Work instruction →
Skipping each picture, output the entries exactly as they stand below.

Data provided →
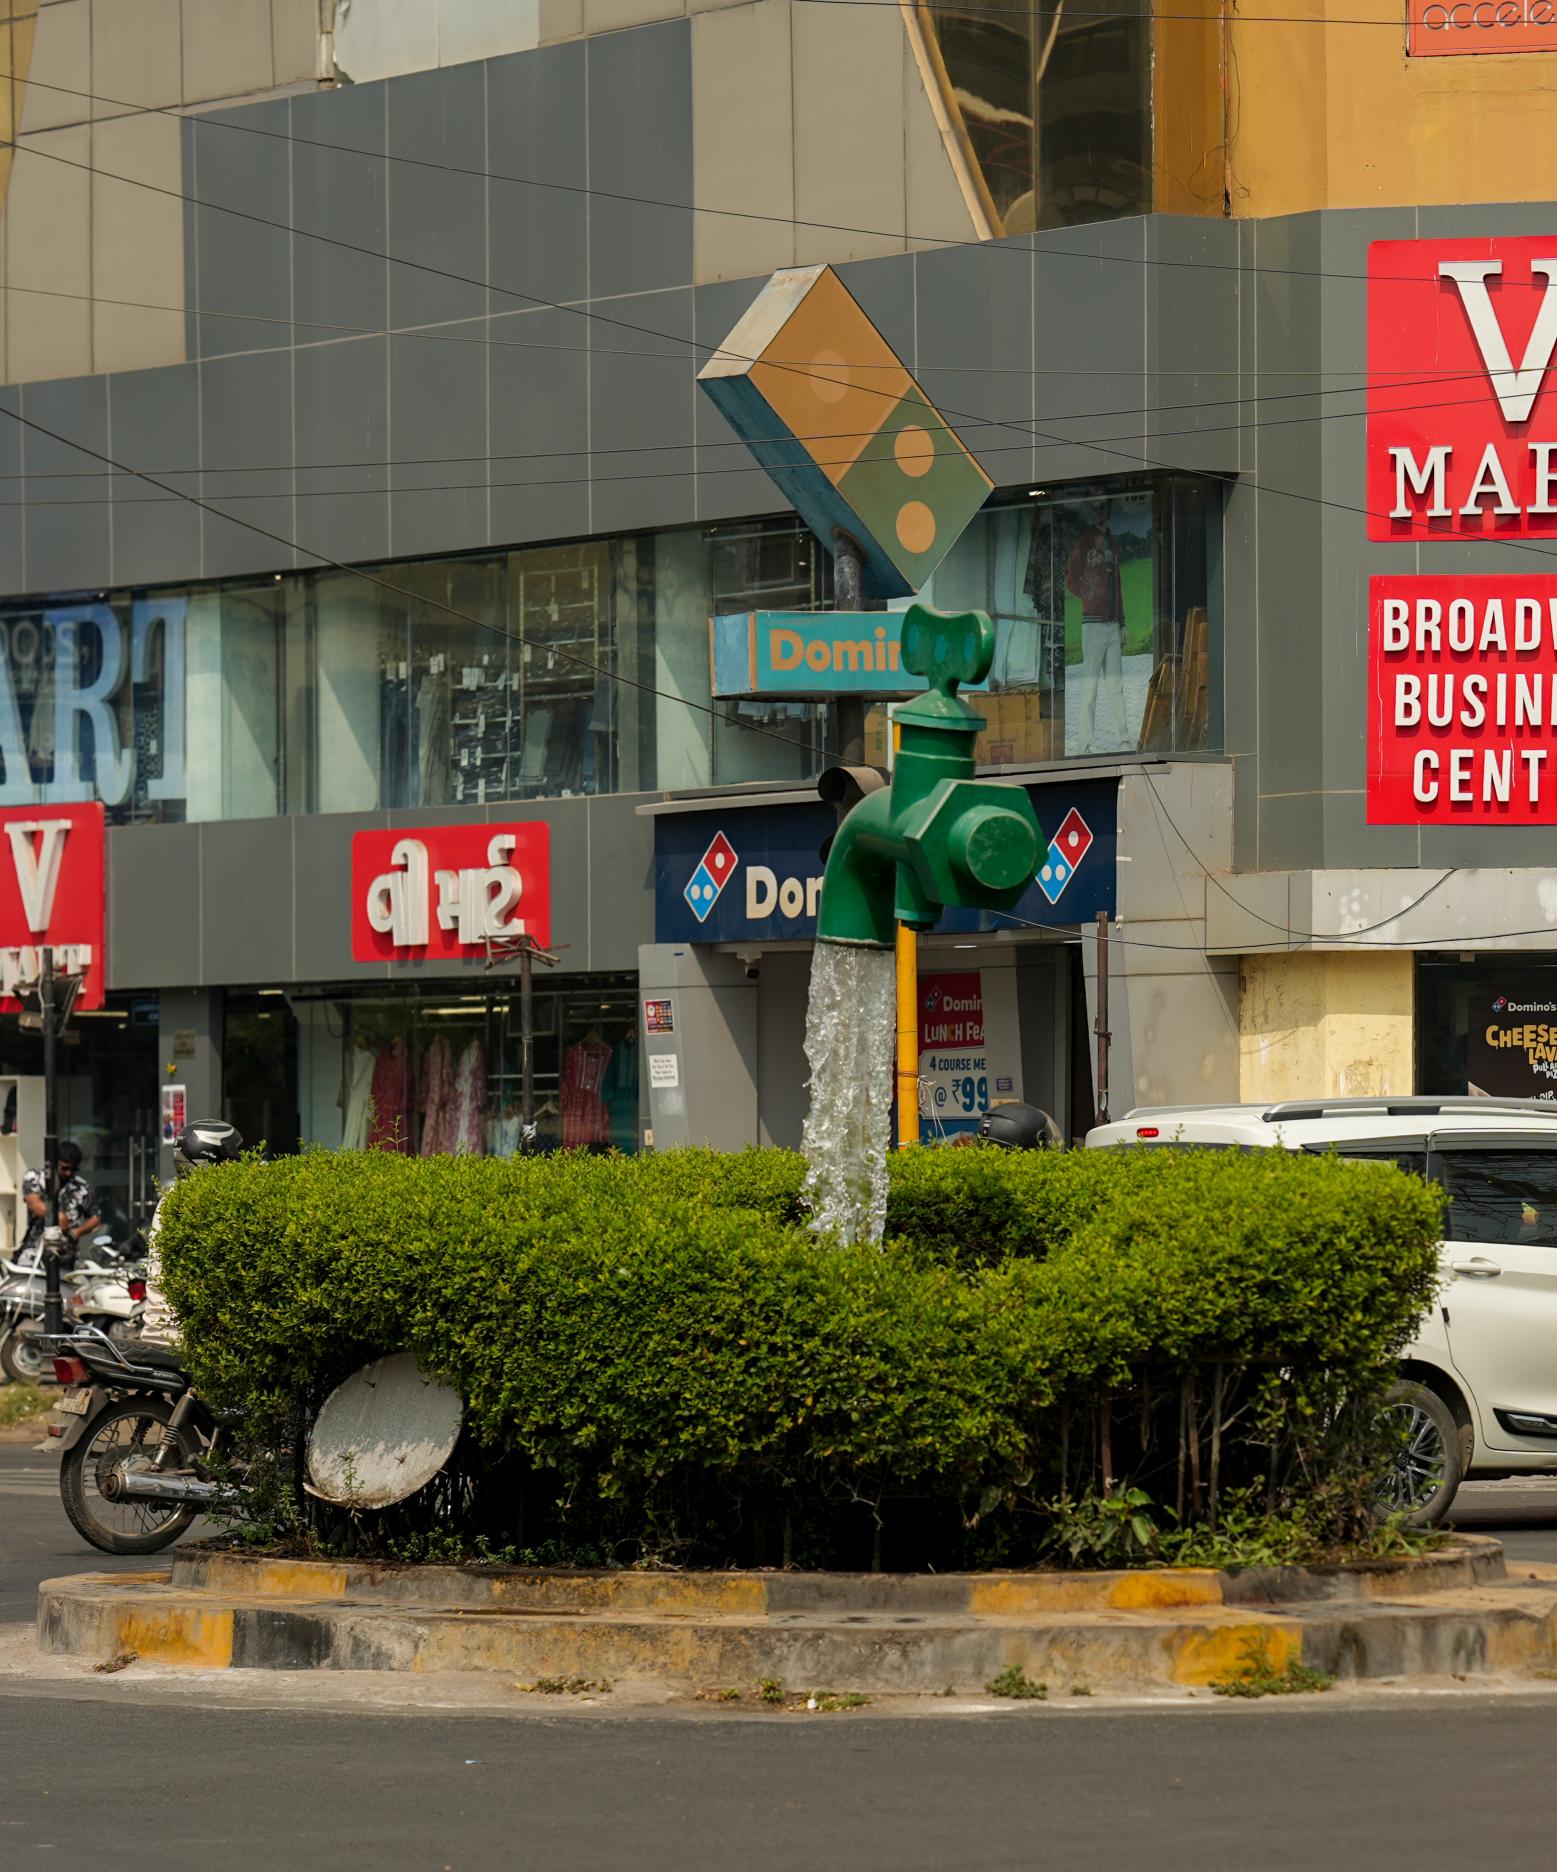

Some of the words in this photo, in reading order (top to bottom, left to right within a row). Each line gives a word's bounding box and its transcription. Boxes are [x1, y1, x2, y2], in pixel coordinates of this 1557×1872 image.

[4, 819, 73, 933] V
[1507, 1001, 1557, 1012] Domino's
[930, 1056, 937, 1072] 4
[938, 1058, 971, 1071] COURSE
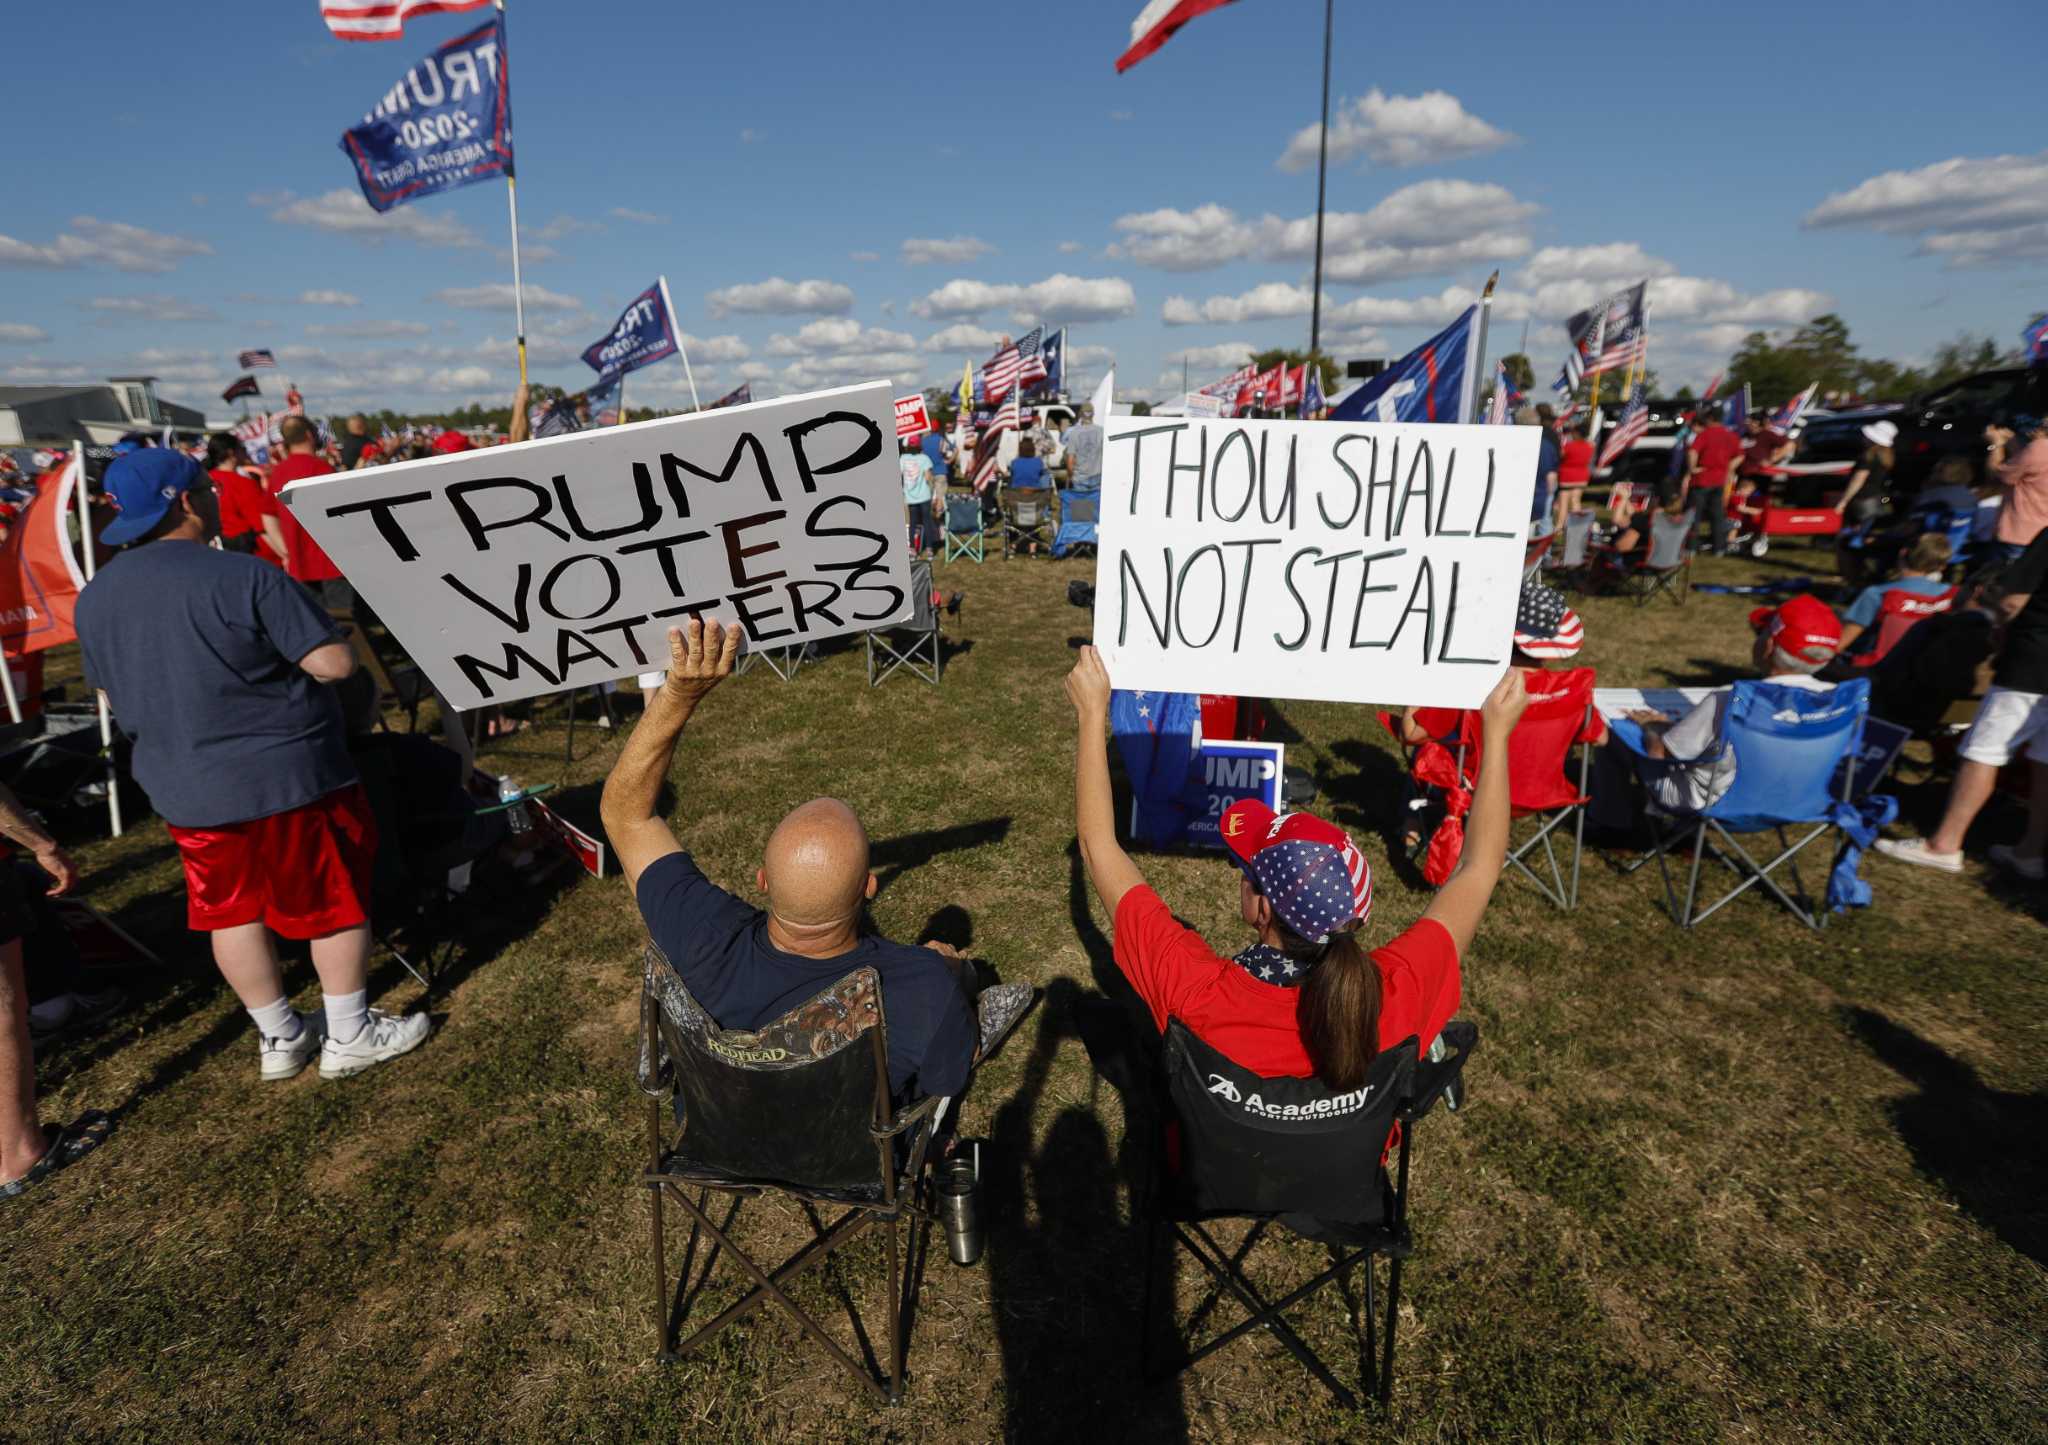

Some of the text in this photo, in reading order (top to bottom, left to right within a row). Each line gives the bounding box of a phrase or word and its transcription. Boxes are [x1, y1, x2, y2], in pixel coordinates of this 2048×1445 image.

[325, 410, 883, 562] TRUMP
[1108, 423, 1516, 542] THOU SHALL
[441, 495, 889, 634] VOTES
[1118, 538, 1500, 666] NOT STEAL
[454, 564, 905, 699] MATTERS
[1245, 1086, 1369, 1116] Academy

Task output →
Some of the words in this photo, in reading order (top to bottom, left to right within a row). Each line gives a word's bounding box and its transcription. Boxes are [x1, y1, x2, y2], in pixel coordinates of this 1557×1872 image.

[4, 819, 73, 933] V
[1507, 1001, 1557, 1012] Domino's
[930, 1056, 937, 1072] 4
[938, 1058, 971, 1071] COURSE

Some of the text in this photo, in reading order (top to bottom, left to right within a row). Each line gives the bounding box of a phrase or word and its transcription. Boxes are [x1, y1, x2, y2], in pixel coordinates of this 2048×1445 image.

[325, 410, 883, 562] TRUMP
[1108, 423, 1516, 542] THOU SHALL
[441, 495, 889, 634] VOTES
[1118, 538, 1500, 666] NOT STEAL
[454, 564, 905, 699] MATTERS
[1245, 1086, 1369, 1116] Academy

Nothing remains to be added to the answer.